The copy you produce must repeat each record exactly and contain no pictures.
SUPPLIED MATERIAL START
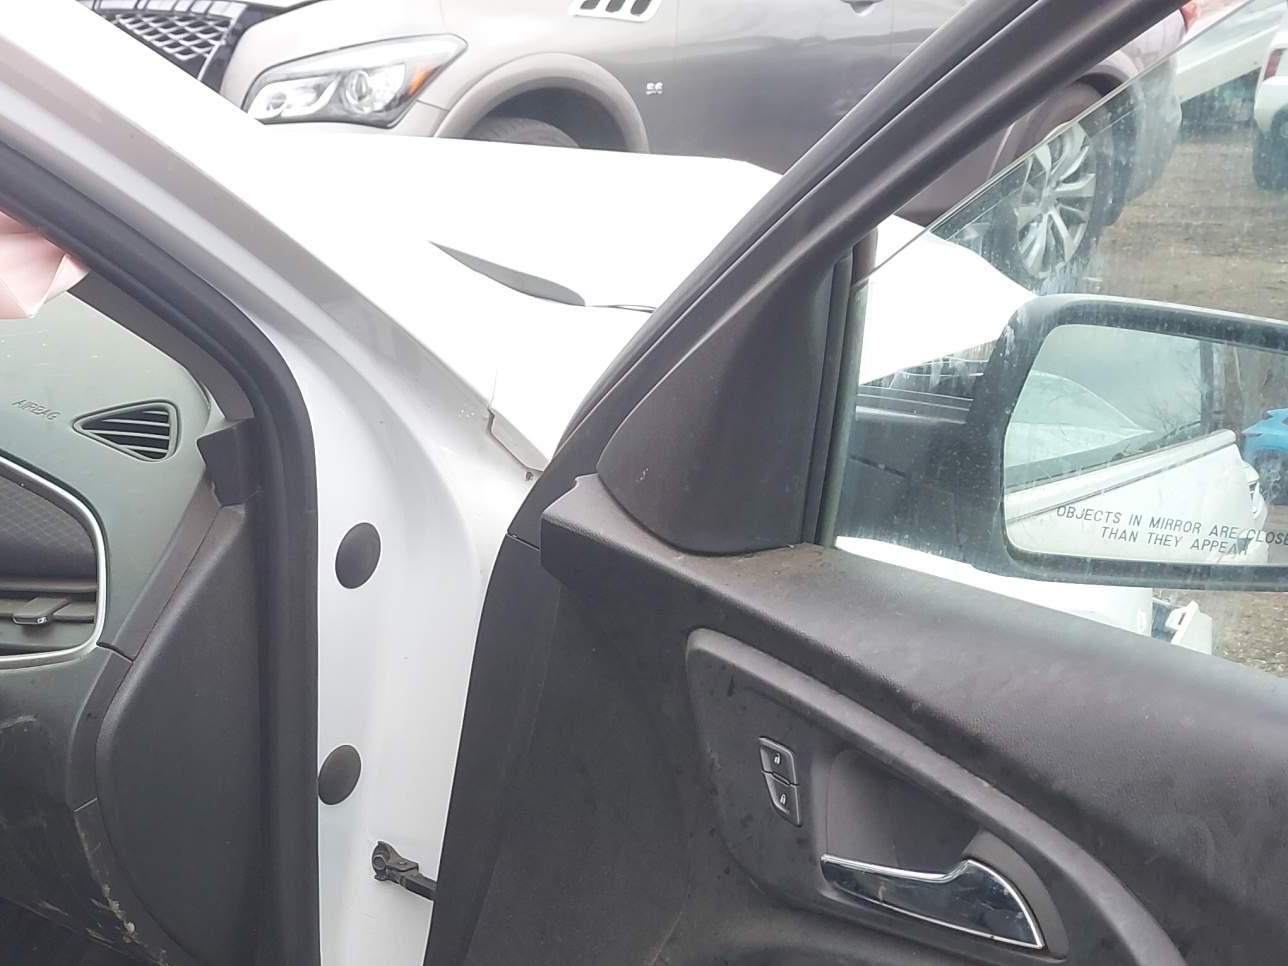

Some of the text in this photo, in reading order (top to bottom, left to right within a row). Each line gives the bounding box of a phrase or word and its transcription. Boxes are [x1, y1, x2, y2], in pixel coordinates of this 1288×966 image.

[12, 399, 63, 421] AIRBAG
[1056, 505, 1122, 525] OBJECTS
[1128, 514, 1143, 527] IN
[1149, 516, 1202, 534] MIRROR
[1210, 524, 1238, 540] ARE
[1101, 526, 1139, 543] THAN
[1147, 531, 1184, 548] THEY
SUPPLIED MATERIAL END
## FINISHED TASK
Some of the text in this photo, in reading order (top to bottom, left to right within a row). Each line gives the bounding box of a phrase or word and its transcription. Boxes are [x1, y1, x2, y2], in pixel coordinates of this 1288×966 image.

[12, 399, 63, 421] AIRBAG
[1056, 505, 1122, 525] OBJECTS
[1128, 514, 1143, 527] IN
[1149, 516, 1202, 534] MIRROR
[1210, 524, 1238, 540] ARE
[1101, 526, 1139, 543] THAN
[1147, 531, 1184, 548] THEY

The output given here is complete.